Aim of the exercise —
Output all of the data exactly as it appears, but leave out any pictures it contains.

Dataset entries —
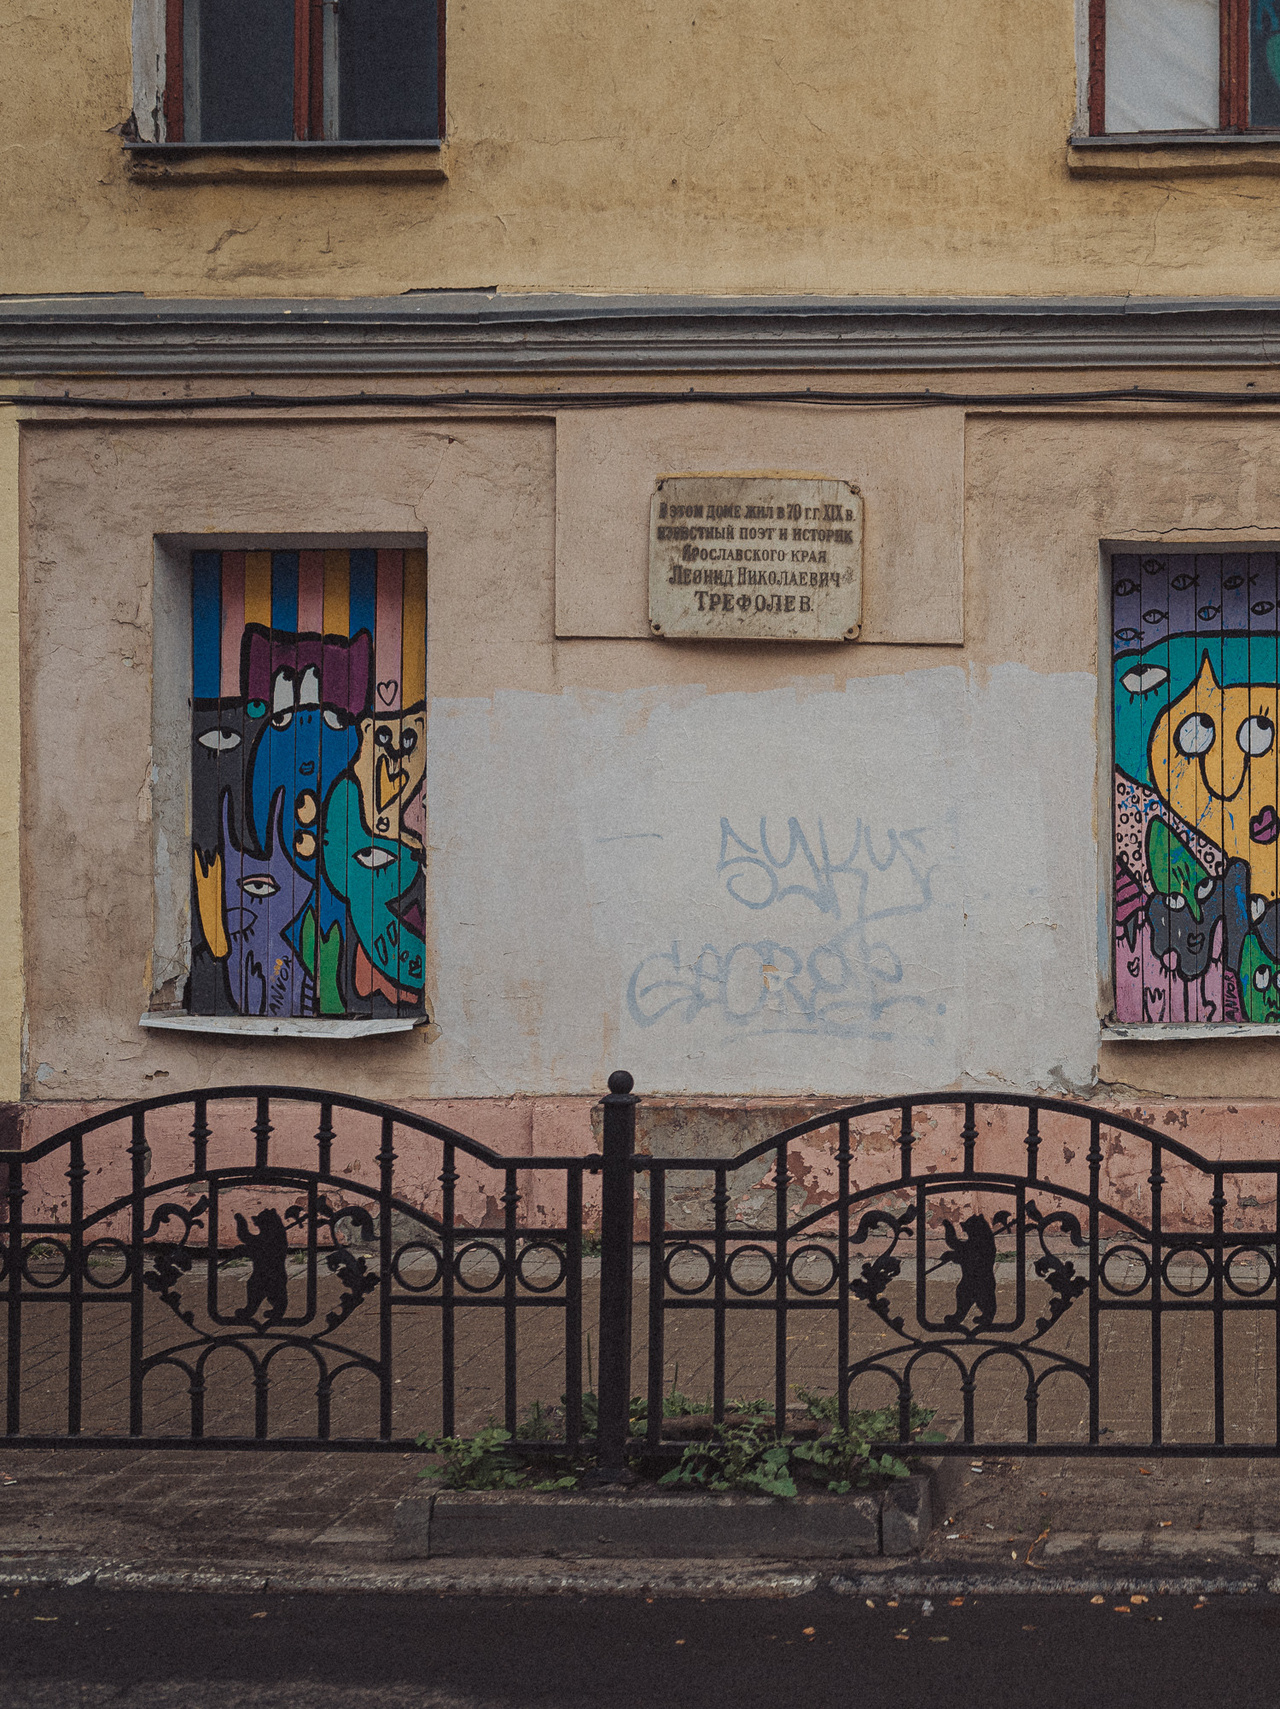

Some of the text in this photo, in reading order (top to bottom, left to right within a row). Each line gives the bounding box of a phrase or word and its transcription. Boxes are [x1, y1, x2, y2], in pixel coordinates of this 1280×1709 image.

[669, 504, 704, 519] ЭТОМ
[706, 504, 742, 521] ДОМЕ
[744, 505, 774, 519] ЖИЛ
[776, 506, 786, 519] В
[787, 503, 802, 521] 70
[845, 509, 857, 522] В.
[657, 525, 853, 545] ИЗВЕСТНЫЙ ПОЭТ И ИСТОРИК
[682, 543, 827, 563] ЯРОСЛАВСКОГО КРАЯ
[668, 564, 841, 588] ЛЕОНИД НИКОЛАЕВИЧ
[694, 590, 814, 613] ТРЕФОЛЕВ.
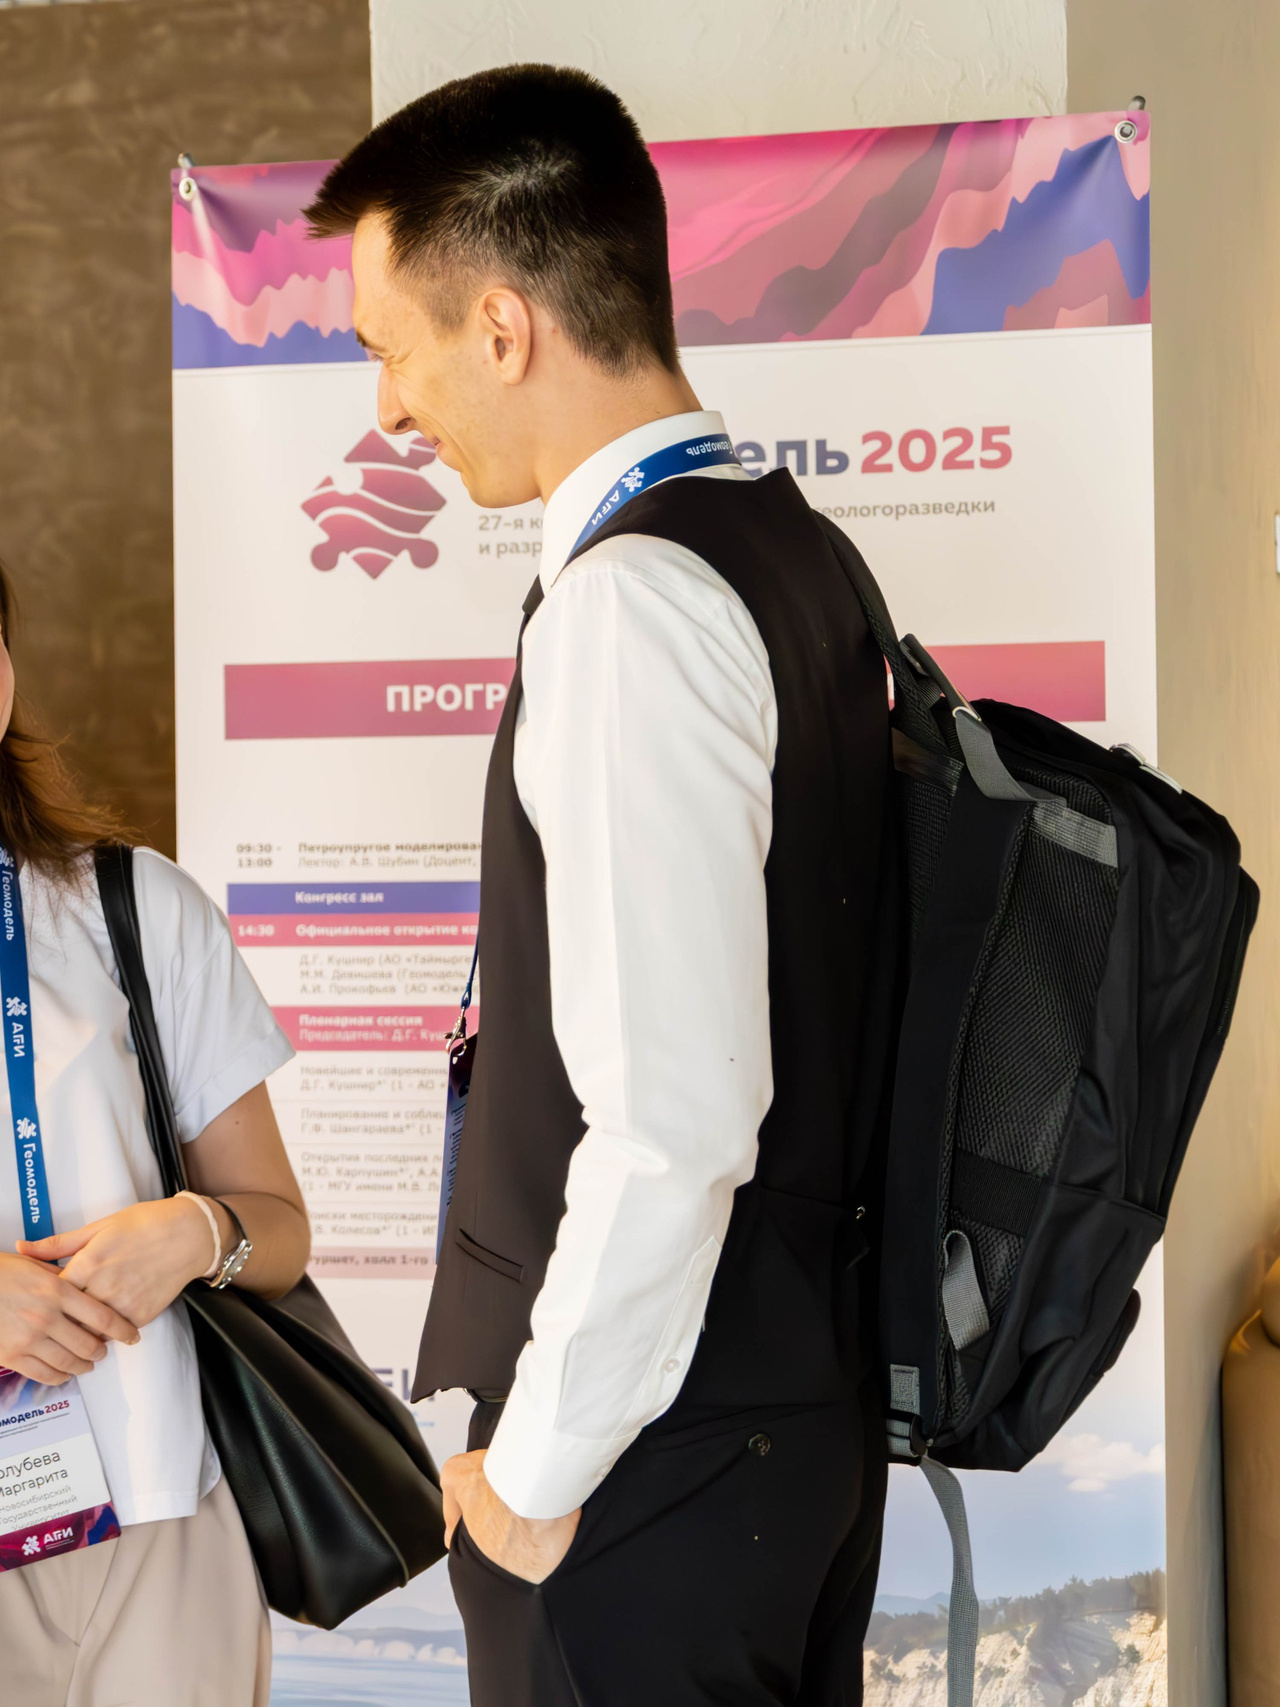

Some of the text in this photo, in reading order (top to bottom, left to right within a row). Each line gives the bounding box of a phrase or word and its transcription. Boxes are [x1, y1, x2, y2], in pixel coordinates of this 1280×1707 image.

Result below —
Some of the text in this photo, in reading order (top to bottom, left to right within a row). Each line gives the bounding box of a phrase or word and its transcription. Boxes are [x1, y1, x2, y2], in pixel coordinates of this 1280×1709 image.

[669, 504, 704, 519] ЭТОМ
[706, 504, 742, 521] ДОМЕ
[744, 505, 774, 519] ЖИЛ
[776, 506, 786, 519] В
[787, 503, 802, 521] 70
[845, 509, 857, 522] В.
[657, 525, 853, 545] ИЗВЕСТНЫЙ ПОЭТ И ИСТОРИК
[682, 543, 827, 563] ЯРОСЛАВСКОГО КРАЯ
[668, 564, 841, 588] ЛЕОНИД НИКОЛАЕВИЧ
[694, 590, 814, 613] ТРЕФОЛЕВ.

Some of the text in this photo, in reading order (top to bottom, left to right within a row). Each line gives the bounding box of a phrase or word and its transcription. Boxes are [x1, y1, x2, y2], in pixel coordinates of this 1280×1707 image.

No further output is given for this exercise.